[Information provided Boundary: Start]

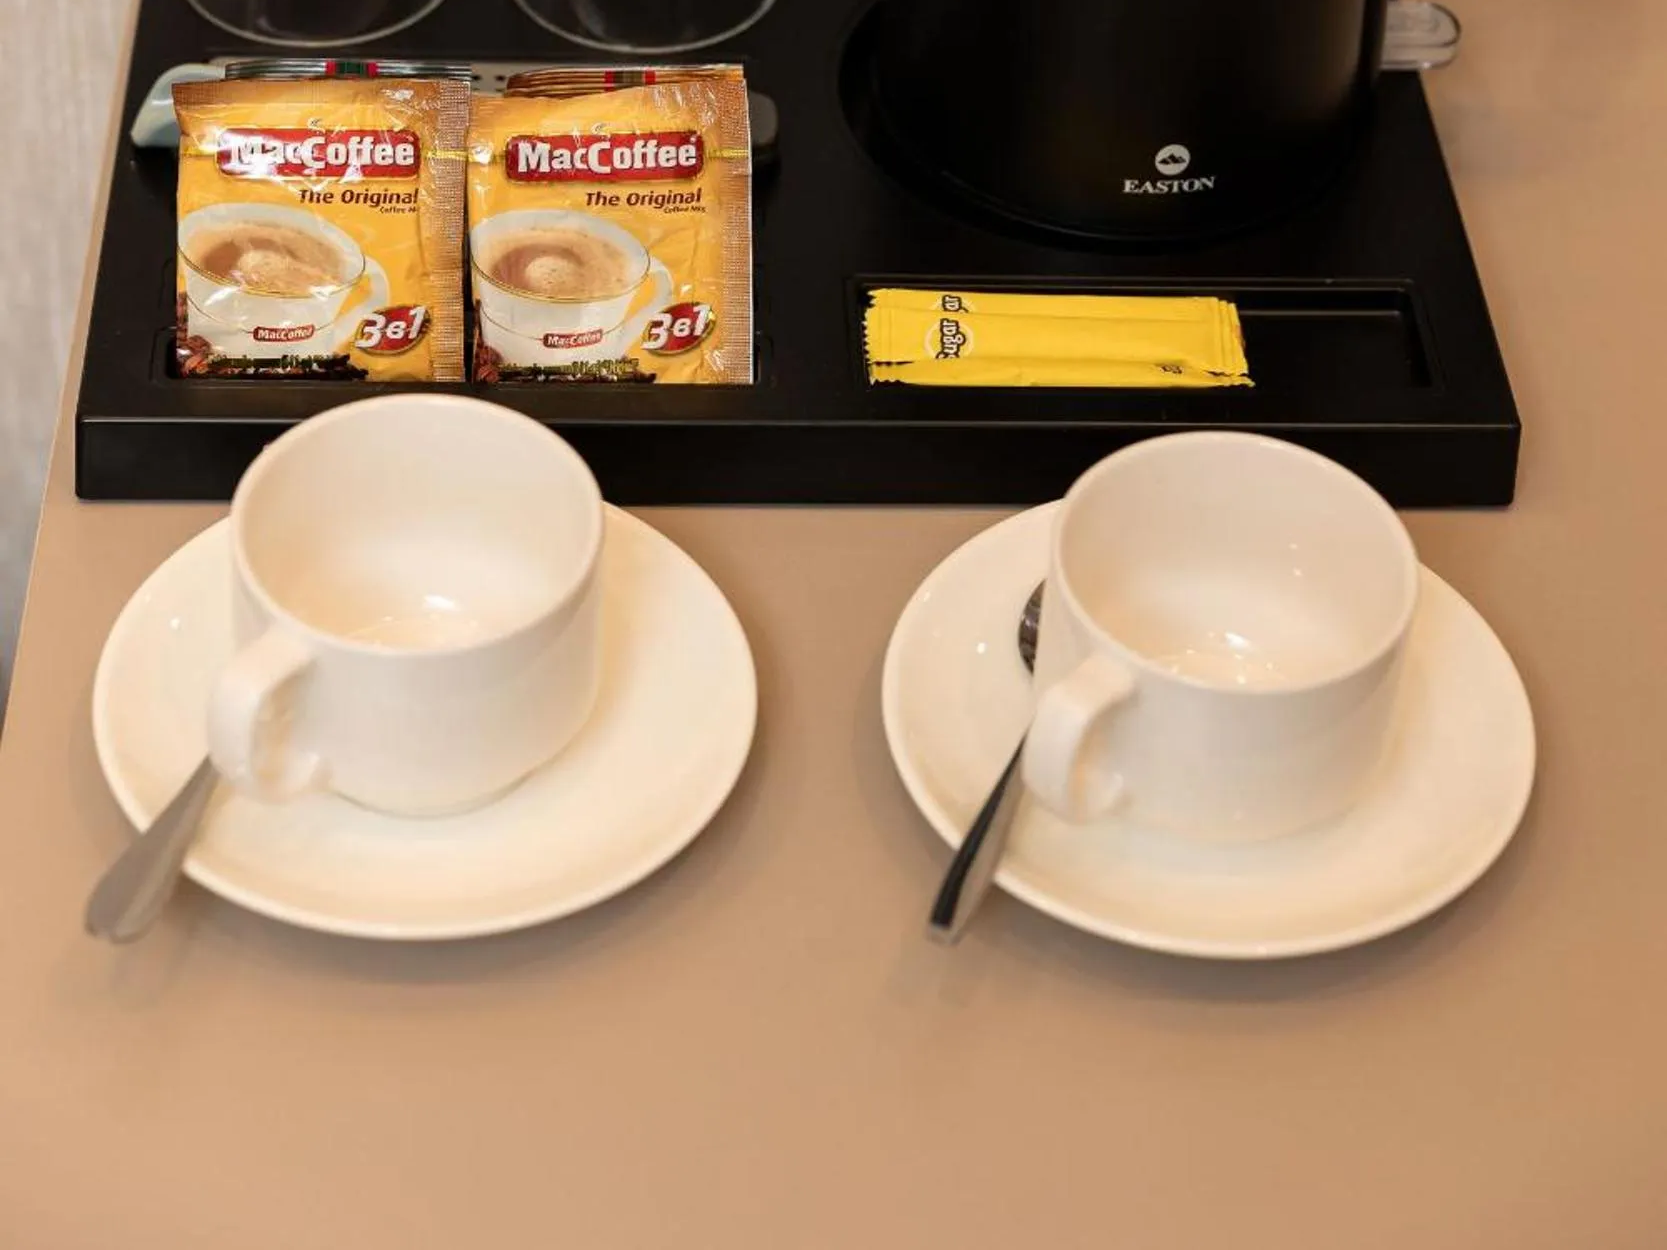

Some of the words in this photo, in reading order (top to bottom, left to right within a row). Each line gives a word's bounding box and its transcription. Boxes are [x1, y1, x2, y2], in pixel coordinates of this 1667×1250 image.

[229, 136, 415, 170] MacCoffee
[517, 139, 698, 174] MacCoffee
[1123, 176, 1215, 194] EASTON
[299, 188, 334, 204] The
[341, 187, 419, 208] Original
[585, 191, 620, 206] The
[626, 187, 701, 209] Original

[Information provided Boundary: End]

- **Instructions to follow**
Please copy the data shown above, line by line and exactly, omitting the images.

- **Written solution**
Some of the words in this photo, in reading order (top to bottom, left to right within a row). Each line gives a word's bounding box and its transcription. Boxes are [x1, y1, x2, y2], in pixel coordinates of this 1667×1250 image.

[229, 136, 415, 170] MacCoffee
[517, 139, 698, 174] MacCoffee
[1123, 176, 1215, 194] EASTON
[299, 188, 334, 204] The
[341, 187, 419, 208] Original
[585, 191, 620, 206] The
[626, 187, 701, 209] Original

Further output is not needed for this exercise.